Barrows of Gwaenysgor

As I walked up Gwaenysgor overlooking the Welsh seaside town of Prestatyn on the Denbighshire coast, I found several barrows. These are ancient mounds inside which lay burials of presumably once important people. The views were spectacular, which seemed ironic as the dead can see nothing. Death is the end of sight, sound, smell and all the rest. Having departed from the body, one awaits God’s judgement in gloomy hades; contrary to Western spiritism and eastern ancestor worship, the dead cannot come back and say hello, much less express their disapproval or otherwise of current affairs. It is permitted for man to die once, and then face the judgement. Perhaps burying such noble folk in so prominent a place with wonderful views was the best they could hope for.

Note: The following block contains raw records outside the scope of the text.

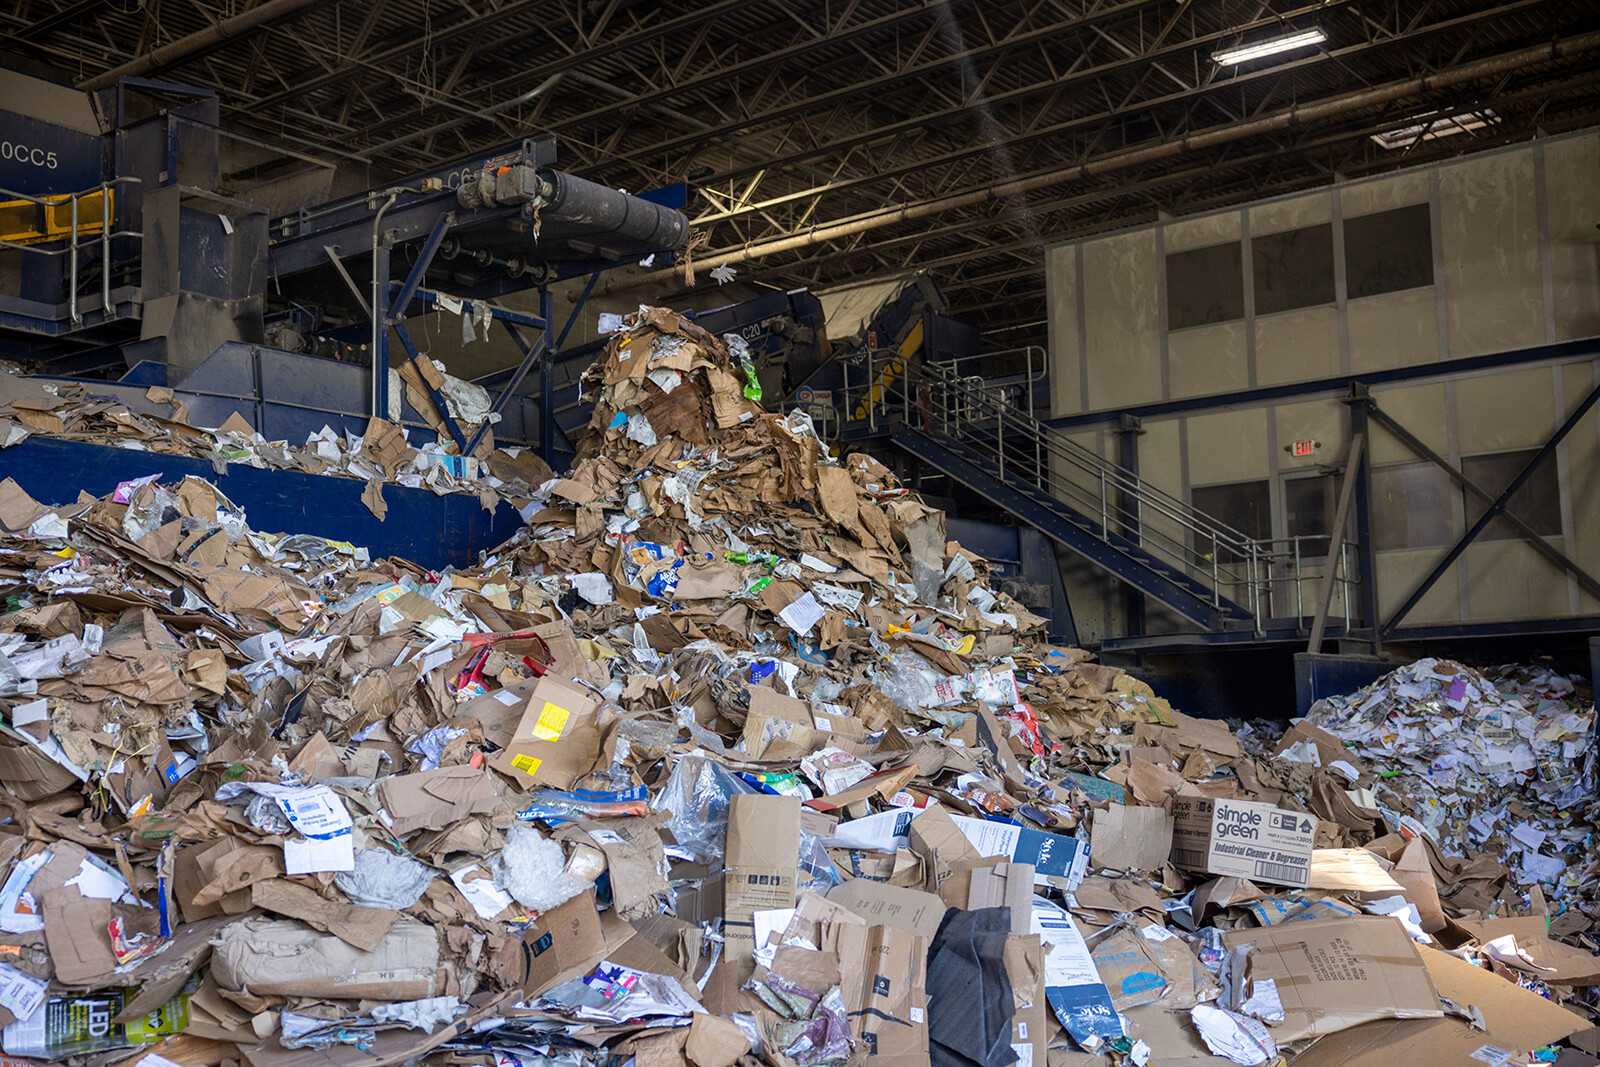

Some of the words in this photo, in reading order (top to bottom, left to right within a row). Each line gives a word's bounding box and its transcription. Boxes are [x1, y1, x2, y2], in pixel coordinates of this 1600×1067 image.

[1, 141, 58, 169] 0CC5
[742, 323, 760, 340] C20
[1296, 440, 1312, 455] EXIT
[1217, 804, 1262, 826] simple
[1273, 817, 1280, 825] 6
[1216, 822, 1259, 840] green
[1040, 837, 1055, 864] Style
[1214, 842, 1244, 856] Industrial
[1245, 847, 1270, 860] Cleaner
[1270, 852, 1276, 860] &
[1275, 852, 1308, 866] Degreaser
[88, 1000, 110, 1036] LED
[1080, 1004, 1111, 1017] Style

We Christians of humbler birth will warrant no such burial, but we have a knowledge of death and the afterlife, for the scriptures speak of the Lord Jesus conquering the former in order to procure for us the latter. This gives us a wonderful glimpse now, and an even better view when we get there. When our bodies and souls separate, it is not a hole in the ground in which we shall reside, nor even the gloomy Pit of the underworld, but the very presence of God in heaven, for the Blood has purchased our passage and secured our place. From there, the views are spectacular.

But as it is written, Eye hath not seen, nor ear heard, neither have entered into the heart of man, the things which God hath prepared for them that love him.